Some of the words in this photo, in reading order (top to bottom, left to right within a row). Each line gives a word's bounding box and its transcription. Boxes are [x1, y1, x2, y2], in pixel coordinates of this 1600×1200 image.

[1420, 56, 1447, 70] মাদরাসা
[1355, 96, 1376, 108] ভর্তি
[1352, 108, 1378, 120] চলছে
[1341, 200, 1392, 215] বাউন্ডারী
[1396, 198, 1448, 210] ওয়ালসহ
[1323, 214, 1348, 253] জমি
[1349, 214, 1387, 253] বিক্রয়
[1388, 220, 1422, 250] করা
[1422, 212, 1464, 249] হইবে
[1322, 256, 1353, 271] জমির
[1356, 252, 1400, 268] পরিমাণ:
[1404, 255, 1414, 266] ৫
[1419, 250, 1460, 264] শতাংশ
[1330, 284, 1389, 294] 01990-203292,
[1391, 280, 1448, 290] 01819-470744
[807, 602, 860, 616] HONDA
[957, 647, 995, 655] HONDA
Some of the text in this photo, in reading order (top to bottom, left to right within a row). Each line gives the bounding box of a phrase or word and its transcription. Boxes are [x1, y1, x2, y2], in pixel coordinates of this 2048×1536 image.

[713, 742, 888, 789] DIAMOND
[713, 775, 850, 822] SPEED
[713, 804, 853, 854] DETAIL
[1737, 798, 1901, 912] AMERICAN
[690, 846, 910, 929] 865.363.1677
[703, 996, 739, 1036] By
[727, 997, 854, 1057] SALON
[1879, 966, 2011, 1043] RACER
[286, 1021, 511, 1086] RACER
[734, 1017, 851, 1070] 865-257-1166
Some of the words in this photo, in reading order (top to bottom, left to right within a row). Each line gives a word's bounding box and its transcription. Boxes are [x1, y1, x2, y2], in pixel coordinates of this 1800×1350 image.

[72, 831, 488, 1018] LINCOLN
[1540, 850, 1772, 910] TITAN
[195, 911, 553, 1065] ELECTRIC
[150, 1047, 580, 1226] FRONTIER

__Exercise prompt__
Copy out the material in its entirety. Keep it exact.

__Answer box__
Some of the words in this photo, in reading order (top to bottom, left to right within a row). Each line gives a word's bounding box and its transcription. Boxes are [x1, y1, x2, y2], in pixel coordinates of this 1600×1200 image.

[1420, 56, 1447, 70] মাদরাসা
[1355, 96, 1376, 108] ভর্তি
[1352, 108, 1378, 120] চলছে
[1341, 200, 1392, 215] বাউন্ডারী
[1396, 198, 1448, 210] ওয়ালসহ
[1323, 214, 1348, 253] জমি
[1349, 214, 1387, 253] বিক্রয়
[1388, 220, 1422, 250] করা
[1422, 212, 1464, 249] হইবে
[1322, 256, 1353, 271] জমির
[1356, 252, 1400, 268] পরিমাণ:
[1404, 255, 1414, 266] ৫
[1419, 250, 1460, 264] শতাংশ
[1330, 284, 1389, 294] 01990-203292,
[1391, 280, 1448, 290] 01819-470744
[807, 602, 860, 616] HONDA
[957, 647, 995, 655] HONDA
Some of the text in this photo, in reading order (top to bottom, left to right within a row). Each line gives the bounding box of a phrase or word and its transcription. Boxes are [x1, y1, x2, y2], in pixel coordinates of this 2048×1536 image.

[713, 742, 888, 789] DIAMOND
[713, 775, 850, 822] SPEED
[713, 804, 853, 854] DETAIL
[1737, 798, 1901, 912] AMERICAN
[690, 846, 910, 929] 865.363.1677
[703, 996, 739, 1036] By
[727, 997, 854, 1057] SALON
[1879, 966, 2011, 1043] RACER
[286, 1021, 511, 1086] RACER
[734, 1017, 851, 1070] 865-257-1166
Some of the words in this photo, in reading order (top to bottom, left to right within a row). Each line gives a word's bounding box and its transcription. Boxes are [x1, y1, x2, y2], in pixel coordinates of this 1800×1350 image.

[72, 831, 488, 1018] LINCOLN
[1540, 850, 1772, 910] TITAN
[195, 911, 553, 1065] ELECTRIC
[150, 1047, 580, 1226] FRONTIER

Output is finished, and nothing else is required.